Task statement |
Exact transcript, pictures excluded: write out every record below.
====== Extracted data
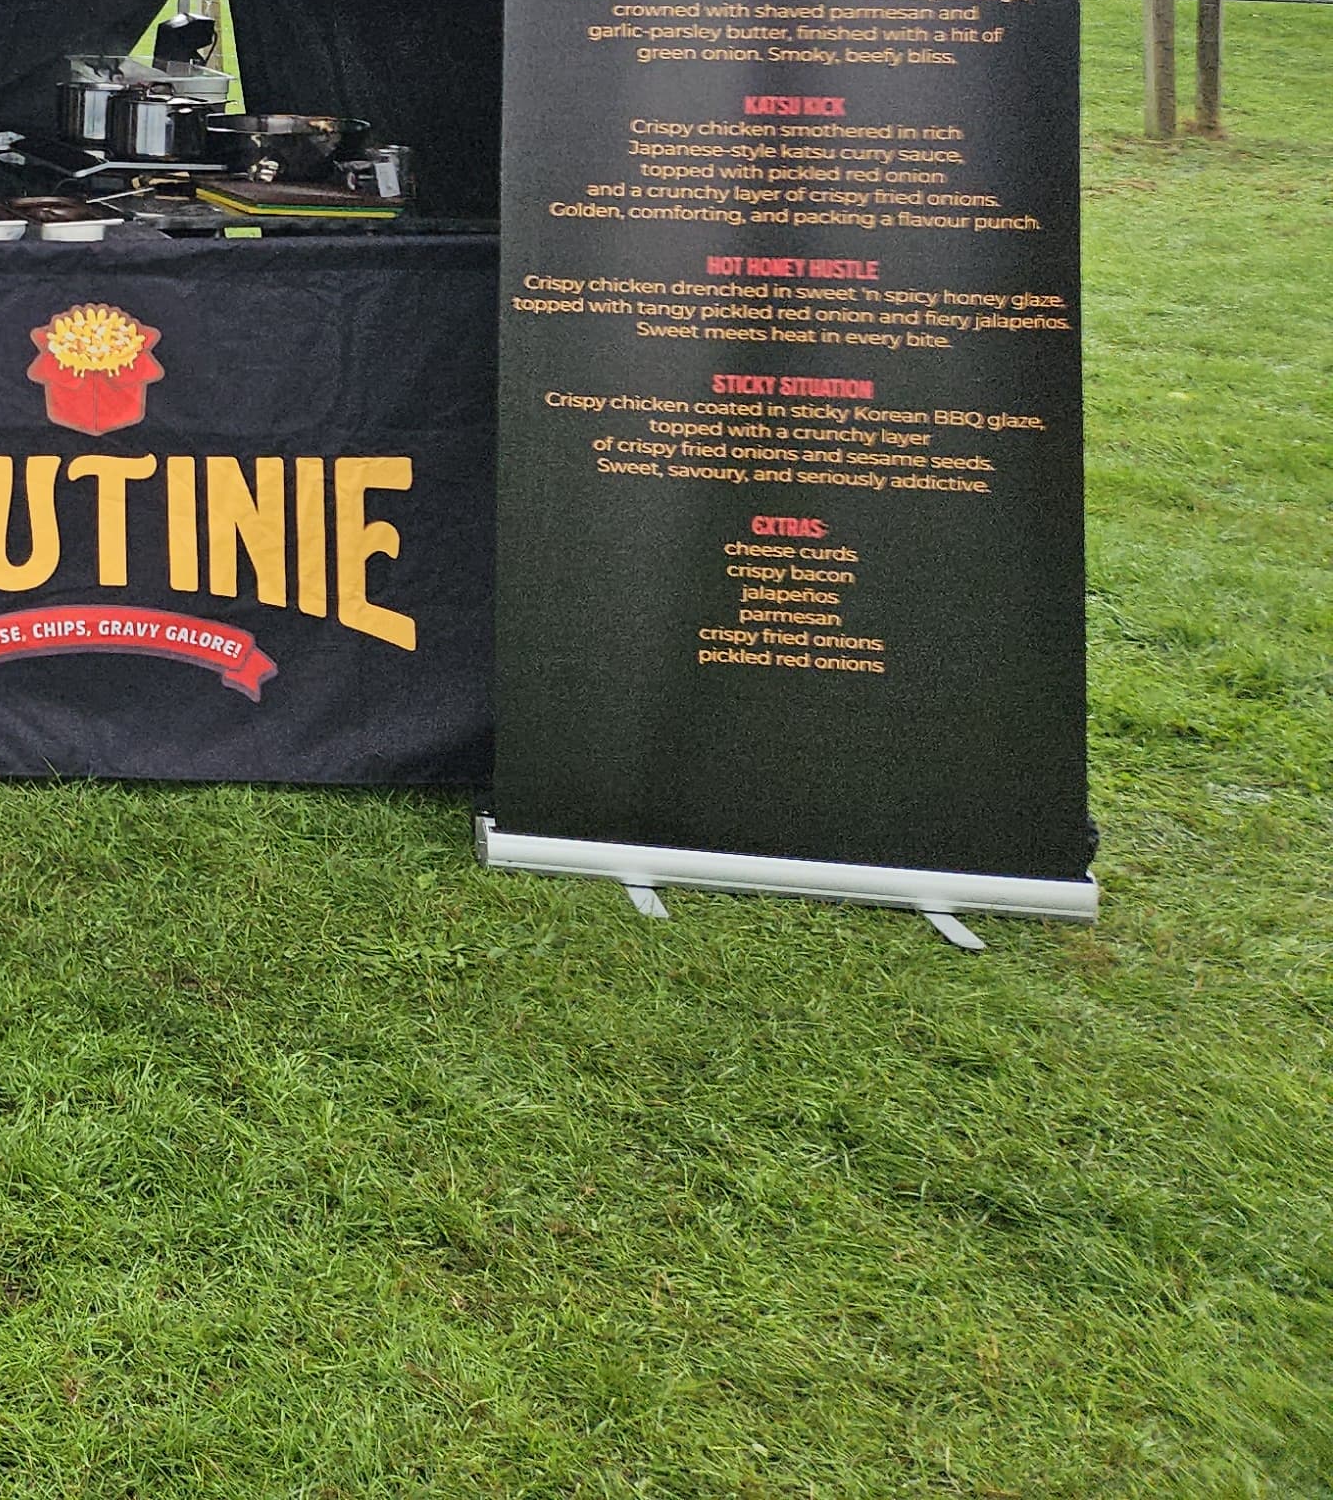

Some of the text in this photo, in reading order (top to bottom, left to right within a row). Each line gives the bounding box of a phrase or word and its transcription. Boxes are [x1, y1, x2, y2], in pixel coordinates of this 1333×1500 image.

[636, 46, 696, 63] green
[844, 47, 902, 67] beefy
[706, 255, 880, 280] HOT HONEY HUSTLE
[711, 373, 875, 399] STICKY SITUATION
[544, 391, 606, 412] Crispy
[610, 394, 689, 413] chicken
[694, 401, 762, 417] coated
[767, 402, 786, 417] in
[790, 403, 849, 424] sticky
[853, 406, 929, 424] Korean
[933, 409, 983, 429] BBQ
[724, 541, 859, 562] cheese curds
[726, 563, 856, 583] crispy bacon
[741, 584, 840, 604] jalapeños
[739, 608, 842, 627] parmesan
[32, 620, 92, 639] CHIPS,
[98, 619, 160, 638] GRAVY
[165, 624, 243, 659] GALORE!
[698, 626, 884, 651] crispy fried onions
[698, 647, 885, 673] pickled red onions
============
Your solution |
Some of the text in this photo, in reading order (top to bottom, left to right within a row). Each line gives the bounding box of a phrase or word and its transcription. Boxes are [x1, y1, x2, y2], in pixel coordinates of this 1333×1500 image.

[636, 46, 696, 63] green
[844, 47, 902, 67] beefy
[706, 255, 880, 280] HOT HONEY HUSTLE
[711, 373, 875, 399] STICKY SITUATION
[544, 391, 606, 412] Crispy
[610, 394, 689, 413] chicken
[694, 401, 762, 417] coated
[767, 402, 786, 417] in
[790, 403, 849, 424] sticky
[853, 406, 929, 424] Korean
[933, 409, 983, 429] BBQ
[724, 541, 859, 562] cheese curds
[726, 563, 856, 583] crispy bacon
[741, 584, 840, 604] jalapeños
[739, 608, 842, 627] parmesan
[32, 620, 92, 639] CHIPS,
[98, 619, 160, 638] GRAVY
[165, 624, 243, 659] GALORE!
[698, 626, 884, 651] crispy fried onions
[698, 647, 885, 673] pickled red onions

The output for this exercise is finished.